WORK ORDER: Within the data below, count every line that includes "LASER" and report the total alone.

EXCERPTED DATA:
+--

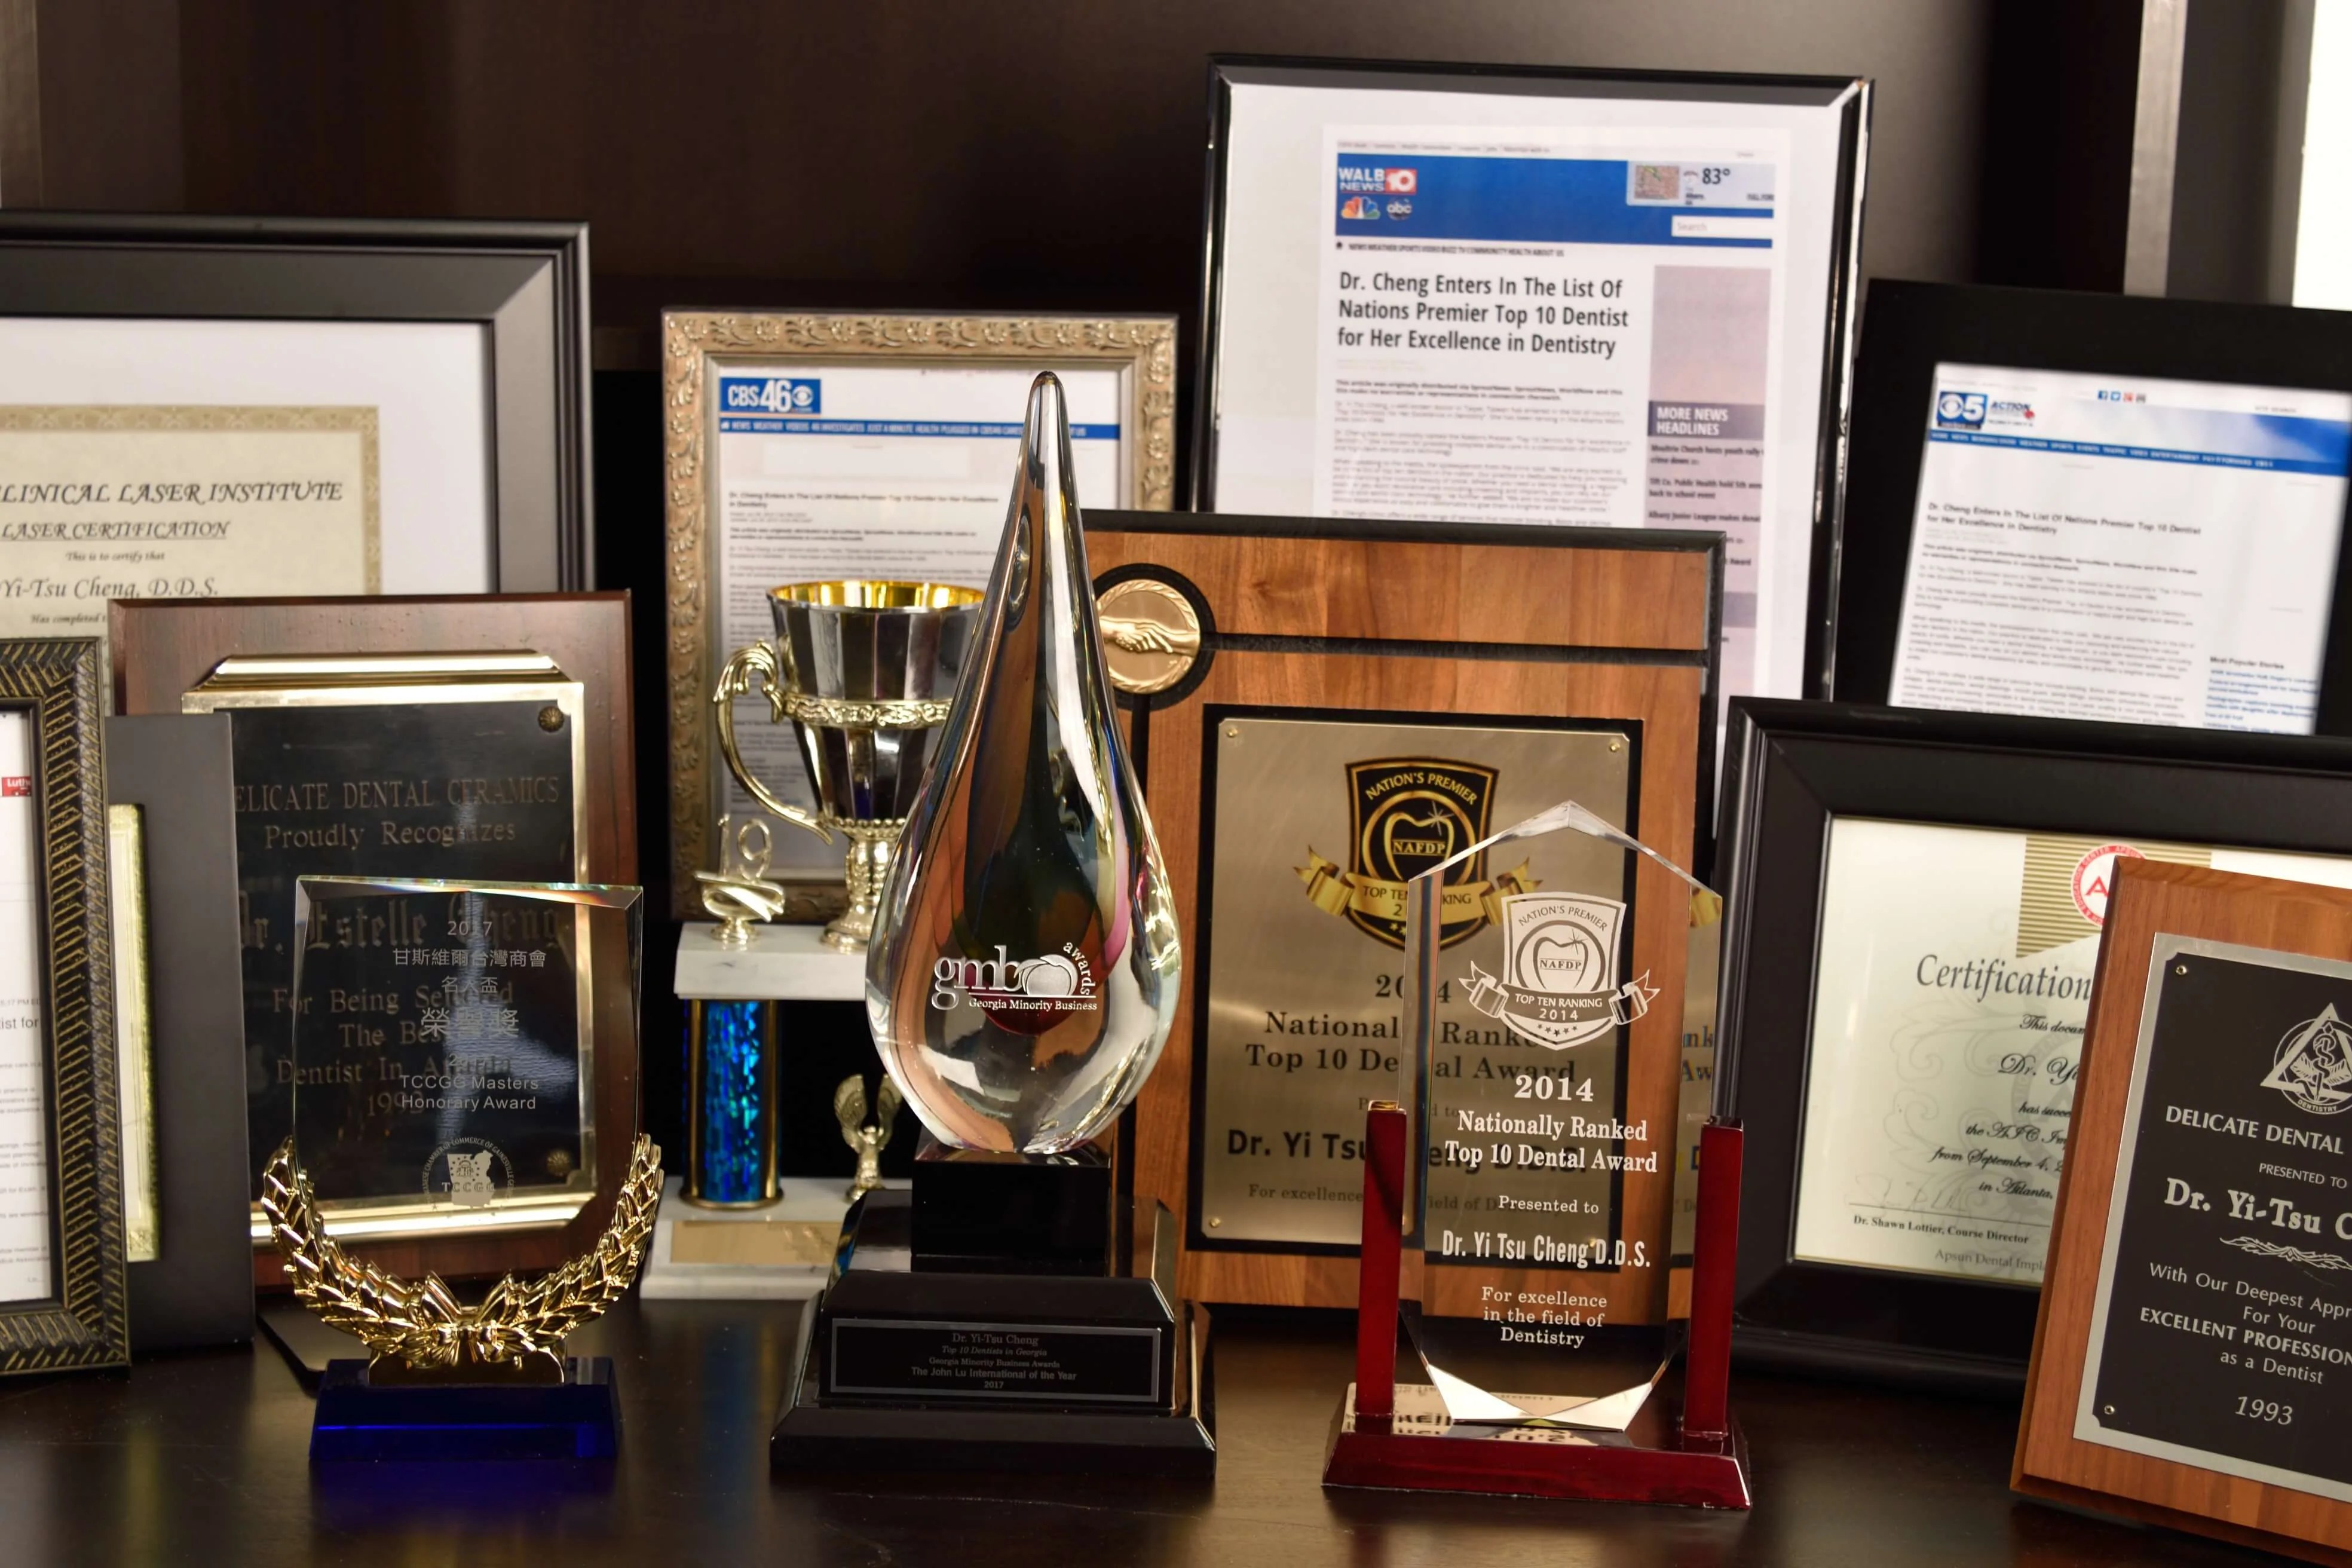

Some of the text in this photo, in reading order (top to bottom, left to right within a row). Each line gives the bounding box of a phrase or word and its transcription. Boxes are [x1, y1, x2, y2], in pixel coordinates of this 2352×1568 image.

[1338, 167, 1416, 192] WALB 10
[1340, 182, 1385, 191] NEWS
[1386, 201, 1413, 215] abc
[1677, 222, 1707, 231] Search
[1340, 272, 1622, 298] Dr. Cheng Enters In The List Of
[1339, 300, 1628, 328] Nations Premier Top 10 Dentist
[1338, 327, 1615, 359] for Her Excellence in Dentistry
[1656, 407, 1728, 421] MORE NEWS
[1962, 395, 1985, 422] 5
[1656, 422, 1720, 435] HEADLINES
[118, 482, 208, 507] LASER
[209, 480, 343, 503] INSTITUTE
[2, 520, 231, 540] LASER CERTIFICATION
[1959, 517, 2057, 535] Excellence Dentistry
[112, 550, 165, 564] certify that
[1, 576, 66, 598] Yi-Tsu
[149, 577, 219, 597] D.D.S.
[52, 612, 99, 626] completed
[234, 776, 559, 813] ELICATE DENTAL CERAMICS
[1365, 773, 1478, 805] NATION'S PREMIER
[265, 822, 365, 850] Proudly
[1393, 840, 1447, 855] NAFDP
[1363, 884, 1387, 898] TOP
[1519, 905, 1608, 932] NATION'S PREMIER
[1063, 942, 1096, 996] awards
[1539, 959, 1582, 969] NAFDP
[1916, 954, 2091, 1003] Certification
[329, 988, 400, 1015] Being
[969, 998, 1097, 1013] Georgia Minority Business
[1515, 993, 1603, 1007] TOP TEN RANKING
[1264, 1011, 1399, 1039] National
[1539, 1008, 1579, 1021] 2014
[2019, 1013, 2048, 1031] This
[339, 1022, 385, 1048] The
[1245, 1043, 1347, 1073] Top 10
[1998, 1053, 2036, 1076] Dr.
[277, 1058, 363, 1086] Dentist
[471, 1074, 539, 1090] Masters
[1514, 1074, 1594, 1102] 2014
[402, 1095, 537, 1113] Honorary Award
[2298, 1098, 2338, 1113] DENTISTRY
[1457, 1110, 1647, 1141] Nationally Ranked
[2166, 1105, 2344, 1155] DELICATE DENTAL
[1228, 1129, 1311, 1159] Dr. Yi
[1444, 1140, 1658, 1172] Top 10 Dental Award
[1967, 1149, 2032, 1170] September
[2259, 1162, 2348, 1190] PRESENTED TO
[1248, 1183, 1276, 1199] For
[1498, 1195, 1599, 1214] Presented to
[2164, 1177, 2211, 1211] Dr.
[2227, 1189, 2321, 1234] Yi-Tsu
[1854, 1215, 1868, 1226] Dr.
[1871, 1217, 1905, 1230] Shawn
[1947, 1226, 1984, 1239] Course
[1987, 1230, 2029, 1244] Director
[1443, 1230, 1651, 1269] Dr. Yi Tsu Cheng D.D.S.
[1976, 1252, 2012, 1269] Dental
[2149, 1261, 2188, 1284] With
[2195, 1272, 2228, 1292] Our
[2236, 1281, 2304, 1309] Deepest
[1481, 1286, 1607, 1308] For excellence
[1483, 1307, 1605, 1327] in the field of
[2140, 1306, 2237, 1341] EXCELLENT
[2243, 1305, 2316, 1334] For Your
[952, 1333, 1039, 1347] Dr. Yi-Tsu Cheng
[1500, 1327, 1585, 1349] Dentistry
[929, 1356, 1061, 1369] Georgia Minority Business Awards
[942, 1345, 1048, 1358] Top Dentists Georgia
[911, 1367, 1077, 1382] The John Lu International the Year
[2220, 1351, 2323, 1385] as a Dentist
[984, 1380, 1004, 1390] 2017
[2235, 1396, 2293, 1426] 1993
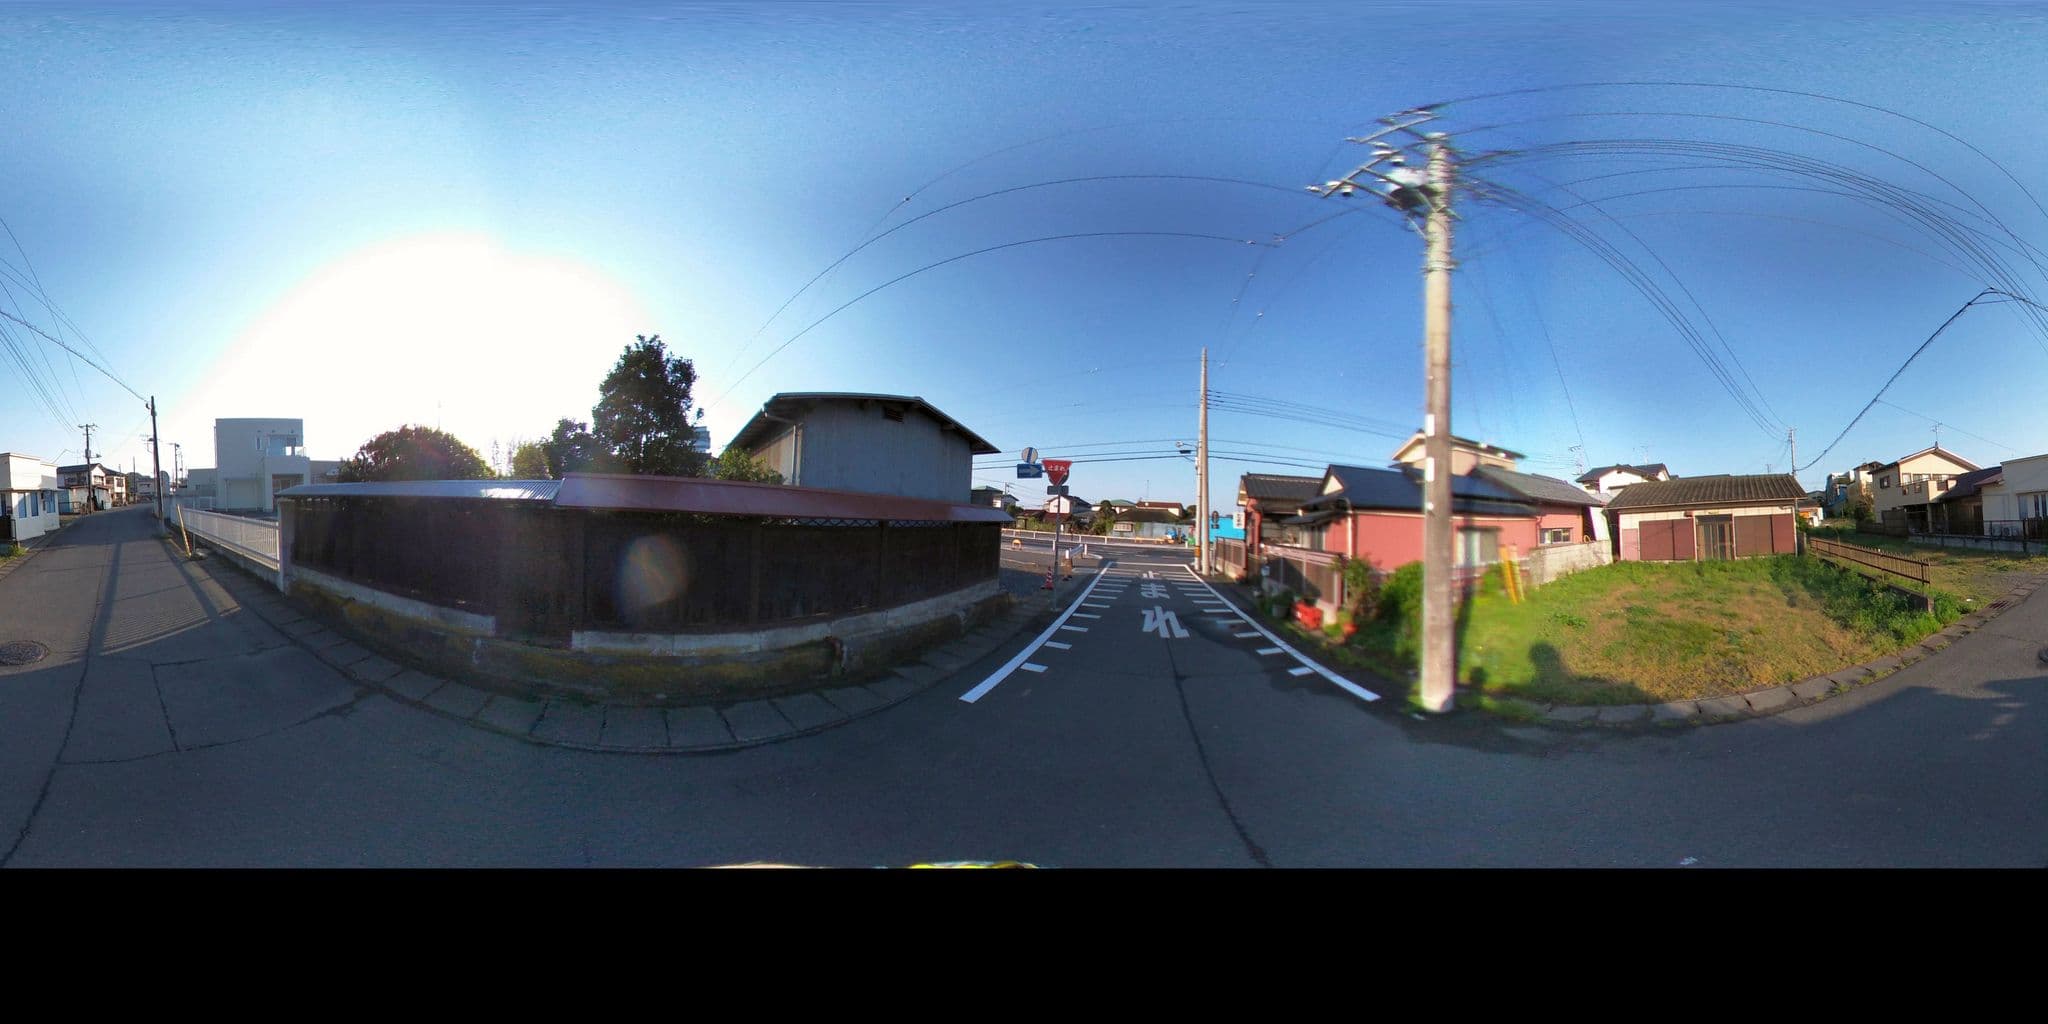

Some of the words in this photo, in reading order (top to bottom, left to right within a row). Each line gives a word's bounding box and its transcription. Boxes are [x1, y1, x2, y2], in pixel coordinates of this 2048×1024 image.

[1047, 464, 1066, 472] 止まれ
[1139, 570, 1190, 638] 止まれ

+--

TASK RESULT: 2